_Assigned task_: Your task is to copy all of the data exactly.
□ □ □
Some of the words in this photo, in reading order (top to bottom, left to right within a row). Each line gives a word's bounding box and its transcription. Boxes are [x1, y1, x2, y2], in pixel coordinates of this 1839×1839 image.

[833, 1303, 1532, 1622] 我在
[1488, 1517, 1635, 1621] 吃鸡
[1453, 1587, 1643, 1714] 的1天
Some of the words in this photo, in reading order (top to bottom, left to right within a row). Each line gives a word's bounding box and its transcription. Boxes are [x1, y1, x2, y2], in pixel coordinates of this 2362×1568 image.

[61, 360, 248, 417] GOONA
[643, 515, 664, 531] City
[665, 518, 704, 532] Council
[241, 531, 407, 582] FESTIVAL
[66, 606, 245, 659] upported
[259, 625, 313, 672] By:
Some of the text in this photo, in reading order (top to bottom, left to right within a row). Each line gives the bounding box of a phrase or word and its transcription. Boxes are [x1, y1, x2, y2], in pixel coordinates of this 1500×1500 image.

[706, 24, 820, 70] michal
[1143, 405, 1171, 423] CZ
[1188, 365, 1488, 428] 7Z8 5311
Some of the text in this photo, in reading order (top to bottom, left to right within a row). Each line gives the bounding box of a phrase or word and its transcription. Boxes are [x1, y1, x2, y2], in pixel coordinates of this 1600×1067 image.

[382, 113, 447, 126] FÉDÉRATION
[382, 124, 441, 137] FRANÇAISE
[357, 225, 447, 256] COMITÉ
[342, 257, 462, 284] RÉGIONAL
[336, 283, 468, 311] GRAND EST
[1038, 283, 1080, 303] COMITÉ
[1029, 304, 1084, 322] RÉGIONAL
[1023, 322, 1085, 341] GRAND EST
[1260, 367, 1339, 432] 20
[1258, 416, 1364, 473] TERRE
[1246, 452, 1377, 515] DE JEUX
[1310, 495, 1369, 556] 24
□ □ □
_Output below_:
Some of the words in this photo, in reading order (top to bottom, left to right within a row). Each line gives a word's bounding box and its transcription. Boxes are [x1, y1, x2, y2], in pixel coordinates of this 1839×1839 image.

[833, 1303, 1532, 1622] 我在
[1488, 1517, 1635, 1621] 吃鸡
[1453, 1587, 1643, 1714] 的1天
Some of the words in this photo, in reading order (top to bottom, left to right within a row). Each line gives a word's bounding box and its transcription. Boxes are [x1, y1, x2, y2], in pixel coordinates of this 2362×1568 image.

[61, 360, 248, 417] GOONA
[643, 515, 664, 531] City
[665, 518, 704, 532] Council
[241, 531, 407, 582] FESTIVAL
[66, 606, 245, 659] upported
[259, 625, 313, 672] By:
Some of the text in this photo, in reading order (top to bottom, left to right within a row). Each line gives the bounding box of a phrase or word and its transcription. Boxes are [x1, y1, x2, y2], in pixel coordinates of this 1500×1500 image.

[706, 24, 820, 70] michal
[1143, 405, 1171, 423] CZ
[1188, 365, 1488, 428] 7Z8 5311
Some of the text in this photo, in reading order (top to bottom, left to right within a row). Each line gives the bounding box of a phrase or word and its transcription. Boxes are [x1, y1, x2, y2], in pixel coordinates of this 1600×1067 image.

[382, 113, 447, 126] FÉDÉRATION
[382, 124, 441, 137] FRANÇAISE
[357, 225, 447, 256] COMITÉ
[342, 257, 462, 284] RÉGIONAL
[336, 283, 468, 311] GRAND EST
[1038, 283, 1080, 303] COMITÉ
[1029, 304, 1084, 322] RÉGIONAL
[1023, 322, 1085, 341] GRAND EST
[1260, 367, 1339, 432] 20
[1258, 416, 1364, 473] TERRE
[1246, 452, 1377, 515] DE JEUX
[1310, 495, 1369, 556] 24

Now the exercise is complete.